TASK DETAILS:
All of the data below needs to be set down again, exactly as shown.

TASK INPUTS:
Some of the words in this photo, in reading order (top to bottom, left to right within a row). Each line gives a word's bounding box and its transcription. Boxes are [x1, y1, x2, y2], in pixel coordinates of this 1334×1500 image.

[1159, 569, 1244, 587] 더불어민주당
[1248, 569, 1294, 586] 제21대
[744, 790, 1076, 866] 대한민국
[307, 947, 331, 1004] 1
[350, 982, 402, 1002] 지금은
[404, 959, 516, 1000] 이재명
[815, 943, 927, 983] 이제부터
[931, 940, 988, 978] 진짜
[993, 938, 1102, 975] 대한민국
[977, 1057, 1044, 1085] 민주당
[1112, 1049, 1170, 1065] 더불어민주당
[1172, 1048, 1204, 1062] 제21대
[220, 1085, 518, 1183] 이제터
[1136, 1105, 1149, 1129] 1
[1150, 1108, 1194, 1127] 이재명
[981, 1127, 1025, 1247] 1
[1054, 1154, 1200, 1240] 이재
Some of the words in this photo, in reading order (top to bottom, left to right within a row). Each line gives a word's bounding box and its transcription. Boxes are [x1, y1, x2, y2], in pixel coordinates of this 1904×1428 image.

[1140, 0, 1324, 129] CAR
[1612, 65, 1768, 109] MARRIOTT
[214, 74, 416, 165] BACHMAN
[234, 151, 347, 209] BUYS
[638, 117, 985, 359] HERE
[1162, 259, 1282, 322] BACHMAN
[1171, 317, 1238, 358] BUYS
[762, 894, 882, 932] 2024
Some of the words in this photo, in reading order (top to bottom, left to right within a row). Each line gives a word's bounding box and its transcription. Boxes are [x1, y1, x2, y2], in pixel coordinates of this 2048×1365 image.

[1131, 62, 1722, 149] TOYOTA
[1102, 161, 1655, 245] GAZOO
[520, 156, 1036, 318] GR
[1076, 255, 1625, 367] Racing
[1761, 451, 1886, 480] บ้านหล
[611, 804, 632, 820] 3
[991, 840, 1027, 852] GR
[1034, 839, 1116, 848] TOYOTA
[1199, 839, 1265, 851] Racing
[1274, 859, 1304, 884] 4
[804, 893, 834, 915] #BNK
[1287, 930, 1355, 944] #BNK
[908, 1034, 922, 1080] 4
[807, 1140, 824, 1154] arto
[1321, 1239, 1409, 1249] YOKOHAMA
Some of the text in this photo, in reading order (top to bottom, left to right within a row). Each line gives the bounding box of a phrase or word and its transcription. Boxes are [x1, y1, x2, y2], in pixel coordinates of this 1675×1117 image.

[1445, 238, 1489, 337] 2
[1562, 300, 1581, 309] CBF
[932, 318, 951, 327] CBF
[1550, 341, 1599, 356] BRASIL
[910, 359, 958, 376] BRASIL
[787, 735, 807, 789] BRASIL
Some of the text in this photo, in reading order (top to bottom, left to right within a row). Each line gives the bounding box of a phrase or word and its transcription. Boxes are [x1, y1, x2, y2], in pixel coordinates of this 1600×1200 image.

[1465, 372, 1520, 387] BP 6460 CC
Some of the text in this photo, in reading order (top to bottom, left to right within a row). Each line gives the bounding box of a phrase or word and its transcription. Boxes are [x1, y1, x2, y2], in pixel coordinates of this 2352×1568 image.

SOLUTION TO THIS EXERCISE:
Some of the words in this photo, in reading order (top to bottom, left to right within a row). Each line gives a word's bounding box and its transcription. Boxes are [x1, y1, x2, y2], in pixel coordinates of this 1334×1500 image.

[1159, 569, 1244, 587] 더불어민주당
[1248, 569, 1294, 586] 제21대
[744, 790, 1076, 866] 대한민국
[307, 947, 331, 1004] 1
[350, 982, 402, 1002] 지금은
[404, 959, 516, 1000] 이재명
[815, 943, 927, 983] 이제부터
[931, 940, 988, 978] 진짜
[993, 938, 1102, 975] 대한민국
[977, 1057, 1044, 1085] 민주당
[1112, 1049, 1170, 1065] 더불어민주당
[1172, 1048, 1204, 1062] 제21대
[220, 1085, 518, 1183] 이제터
[1136, 1105, 1149, 1129] 1
[1150, 1108, 1194, 1127] 이재명
[981, 1127, 1025, 1247] 1
[1054, 1154, 1200, 1240] 이재
Some of the words in this photo, in reading order (top to bottom, left to right within a row). Each line gives a word's bounding box and its transcription. Boxes are [x1, y1, x2, y2], in pixel coordinates of this 1904×1428 image.

[1140, 0, 1324, 129] CAR
[1612, 65, 1768, 109] MARRIOTT
[214, 74, 416, 165] BACHMAN
[234, 151, 347, 209] BUYS
[638, 117, 985, 359] HERE
[1162, 259, 1282, 322] BACHMAN
[1171, 317, 1238, 358] BUYS
[762, 894, 882, 932] 2024
Some of the words in this photo, in reading order (top to bottom, left to right within a row). Each line gives a word's bounding box and its transcription. Boxes are [x1, y1, x2, y2], in pixel coordinates of this 2048×1365 image.

[1131, 62, 1722, 149] TOYOTA
[1102, 161, 1655, 245] GAZOO
[520, 156, 1036, 318] GR
[1076, 255, 1625, 367] Racing
[1761, 451, 1886, 480] บ้านหล
[611, 804, 632, 820] 3
[991, 840, 1027, 852] GR
[1034, 839, 1116, 848] TOYOTA
[1199, 839, 1265, 851] Racing
[1274, 859, 1304, 884] 4
[804, 893, 834, 915] #BNK
[1287, 930, 1355, 944] #BNK
[908, 1034, 922, 1080] 4
[807, 1140, 824, 1154] arto
[1321, 1239, 1409, 1249] YOKOHAMA
Some of the text in this photo, in reading order (top to bottom, left to right within a row). Each line gives the bounding box of a phrase or word and its transcription. Boxes are [x1, y1, x2, y2], in pixel coordinates of this 1675×1117 image.

[1445, 238, 1489, 337] 2
[1562, 300, 1581, 309] CBF
[932, 318, 951, 327] CBF
[1550, 341, 1599, 356] BRASIL
[910, 359, 958, 376] BRASIL
[787, 735, 807, 789] BRASIL
Some of the text in this photo, in reading order (top to bottom, left to right within a row). Each line gives the bounding box of a phrase or word and its transcription. Boxes are [x1, y1, x2, y2], in pixel coordinates of this 1600×1200 image.

[1465, 372, 1520, 387] BP 6460 CC
Some of the text in this photo, in reading order (top to bottom, left to right within a row). Each line gives the bounding box of a phrase or word and its transcription. Boxes are [x1, y1, x2, y2], in pixel coordinates of this 2352×1568 image.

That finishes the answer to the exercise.